Photo of woman in hijab smiling in front of anti-Islam protesters goes viral: 'I wanted to combat their hatred with kindness'
24-year-old Shaymaa Ismaa'eel said that she saw the protesters the moment she arrived in Washington, D.C. for the 44th Annual Islamic Circle of North America convention
A Muslim woman who was able to inspire thousands of people with a picture of herself in hijab sporting a wide smile and two fingers raised in a peace sign in front of anti-Islam protesters said on Thursday, April 25 that she wanted to "combat their hatred with kindness".
24-year-old Shaymaa Ismaa'eel said that she saw the protesters the moment she arrived in Washington, D.C. for the 44th Annual Islamic Circle of North America convention on April 21.
She told NBC News: "I really wanted to combat their hatred with kindness, honestly. I wanted them to see my face and simply walking by wasn’t enough."
Instead of ignoring the protesters, Ismaa'eel asked a friend of hers to take the photo, which she shared on Instagram with the caption: "Kindness is a mark of faith. Those who aren’t kind have no faith." As of Sunday afternoon, the post has received more than 450,000 likes.
Dr. Zahid Bukhari, executive director of the Islamic Circle of North America (ICNA) Council for Social Justice, has said that the protesters targeted the Islamic religion, Prophet Muhammad, and the Quran. He also said that people have protested against the organization in the past but this was the first time that they had demonstrated against the Islamic faith.

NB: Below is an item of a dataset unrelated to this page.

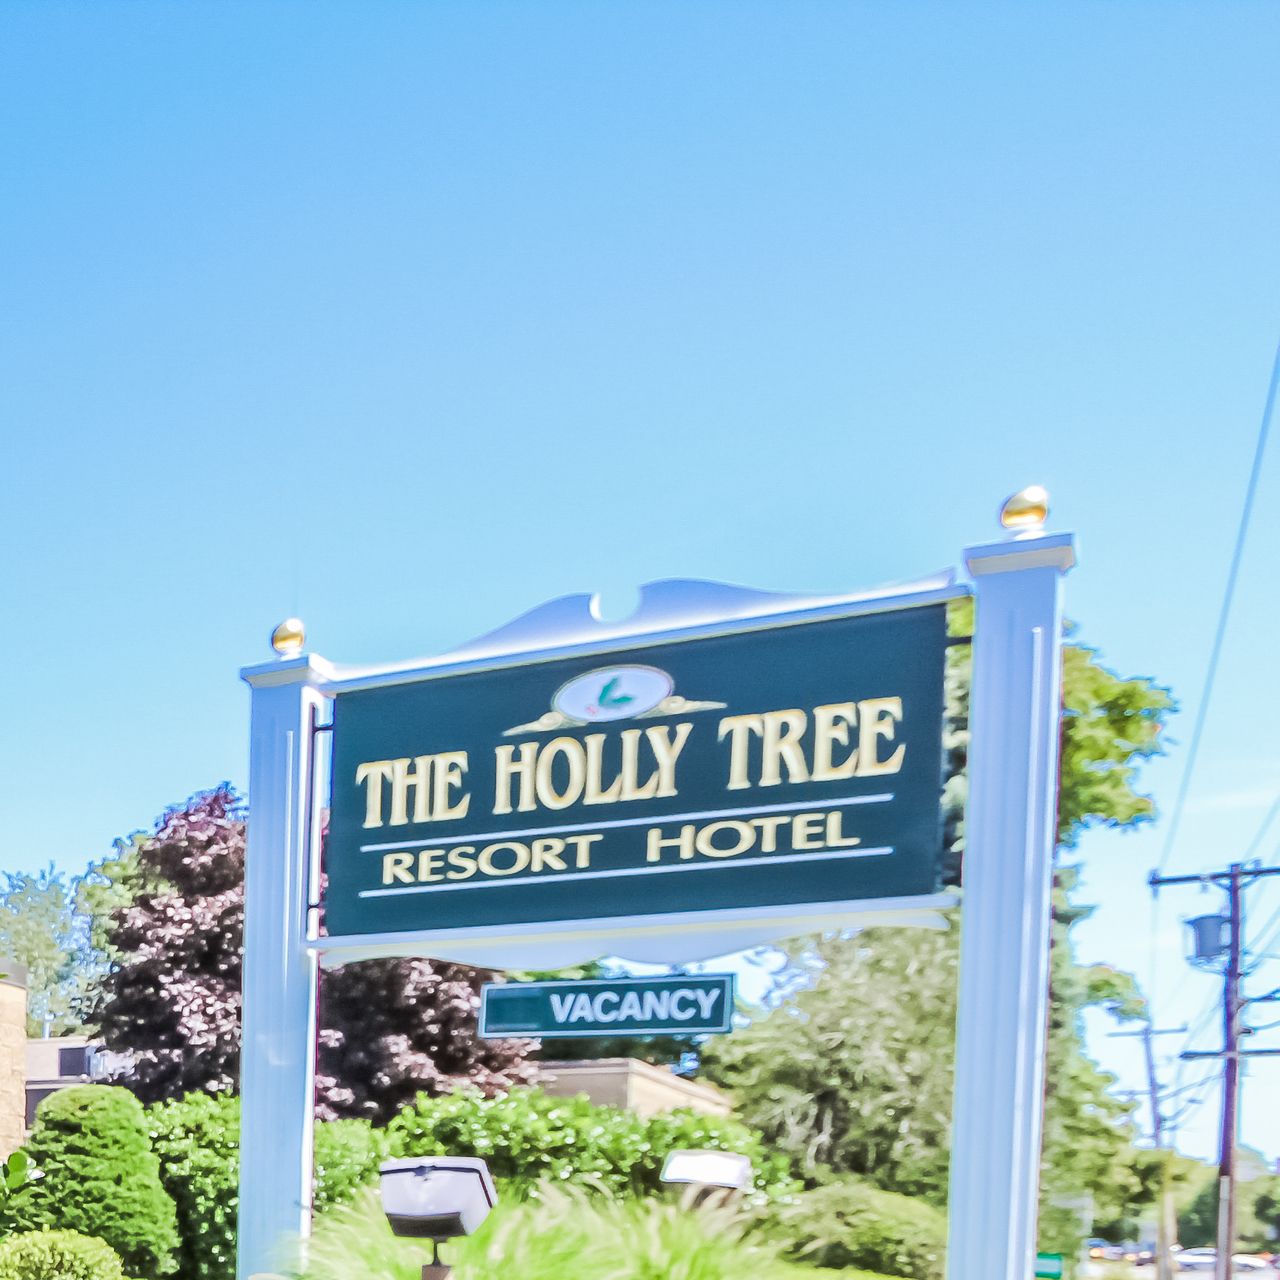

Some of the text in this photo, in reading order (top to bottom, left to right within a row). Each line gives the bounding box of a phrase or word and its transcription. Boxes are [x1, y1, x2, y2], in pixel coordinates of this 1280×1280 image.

[356, 698, 905, 828] THE HOLLY TREE
[383, 812, 860, 884] RESORT HOTEL
[550, 988, 720, 1023] VACANCY

Bukhari, who has been a member of the ICNA since 1983, said that the young member's picture was "an exemplary response". He said: "I’m really proud of her, of what she did. That’s the exact response that should be over there."
Linda Sarsour, a Muslim activist who had seen the protest, said in a statement: "I was a speaker at the convention and witnessed a group of white men outside hurling anti-Muslim epithets at the attendees. The younger children were so scared."Ismaa'eel said that people were walking past the protesters for the most part and not paying any attention to them. Some teenagers, however, were pretty upset by the whole incident and tried to approach the men.
Bukhari has credited the growing protests to an "overall environment of Islamophobia and anti-Islamic rhetoric". He also cited Donald Trump and white supremacists. The man stated: "Previously, it was just against ICNA, now it was against the religion and prophet due to that environment."
Anti-Muslim bias had increased by 17% in the country in 2017. The Council on American-Islamic Relations said in its 2018 Civil Rights Report that non-violent and non-threatening harassment was the most common type of abuse that the Muslim population faces.
The ICNA convention that was held included presentations, a bazaar and an expo, as well as a youth conference, among other events. According to an ICNA press release, the theme for this year was "Healing Humanity: Lessons from Islam".